Stored data entries:
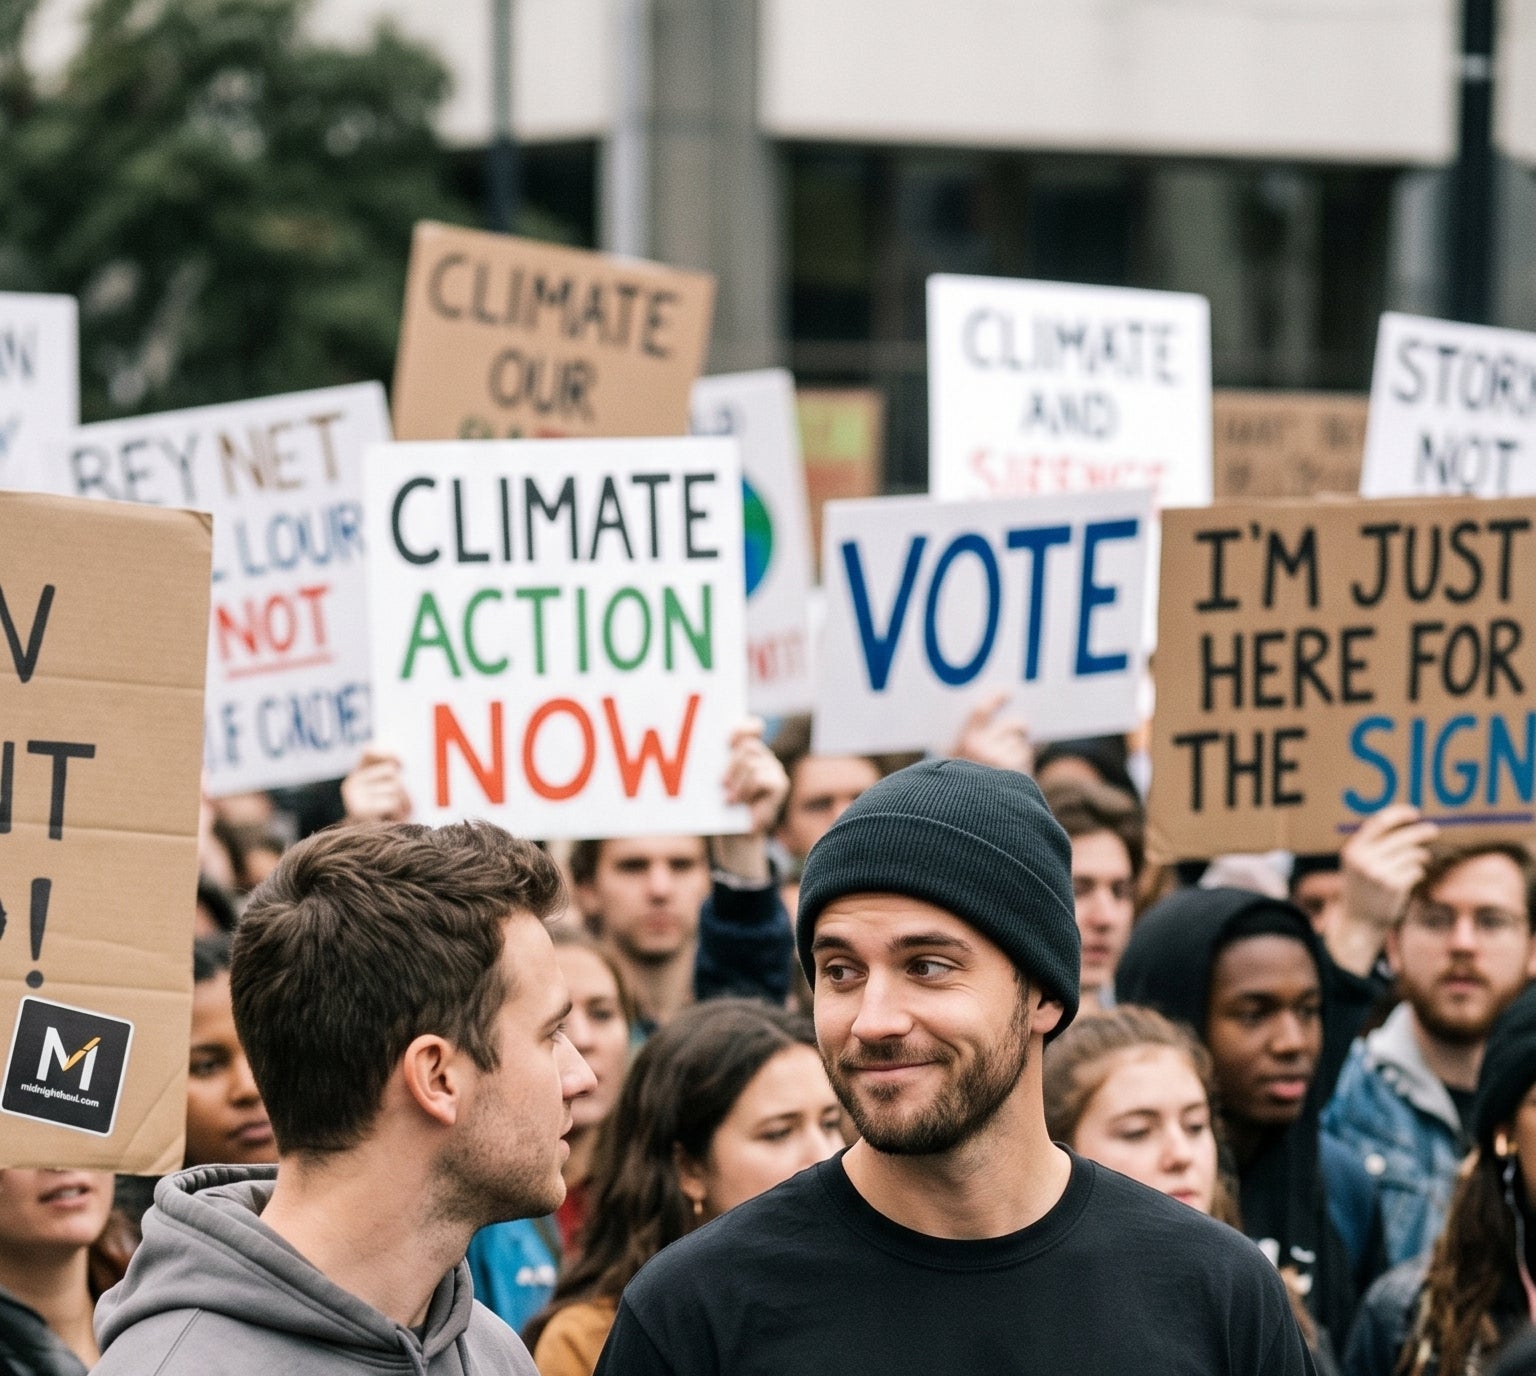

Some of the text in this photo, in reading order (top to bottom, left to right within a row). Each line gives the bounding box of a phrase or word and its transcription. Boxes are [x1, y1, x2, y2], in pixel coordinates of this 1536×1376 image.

[427, 252, 678, 357] CLIMATE
[963, 308, 1181, 383] CLIMATE
[488, 349, 597, 421] OUR
[1022, 388, 1119, 440] AND
[217, 410, 345, 496] NET
[392, 473, 719, 565] CLIMATE
[1194, 518, 1531, 613] I'M JUST
[215, 583, 331, 662] NOT
[399, 584, 713, 680] ACTION
[841, 518, 1139, 692] VOTE
[1201, 618, 1525, 711] HERE FOR
[434, 694, 701, 807] NOW
[1173, 711, 1536, 815] THE SIGN

- [WHAT THE TASK ASKS] The response has to be an exact copy of all the data, pictures excluded.

- [EXERCISE SOLUTION]
Some of the text in this photo, in reading order (top to bottom, left to right within a row). Each line gives the bounding box of a phrase or word and its transcription. Boxes are [x1, y1, x2, y2], in pixel coordinates of this 1536×1376 image.

[427, 252, 678, 357] CLIMATE
[963, 308, 1181, 383] CLIMATE
[488, 349, 597, 421] OUR
[1022, 388, 1119, 440] AND
[217, 410, 345, 496] NET
[392, 473, 719, 565] CLIMATE
[1194, 518, 1531, 613] I'M JUST
[215, 583, 331, 662] NOT
[399, 584, 713, 680] ACTION
[841, 518, 1139, 692] VOTE
[1201, 618, 1525, 711] HERE FOR
[434, 694, 701, 807] NOW
[1173, 711, 1536, 815] THE SIGN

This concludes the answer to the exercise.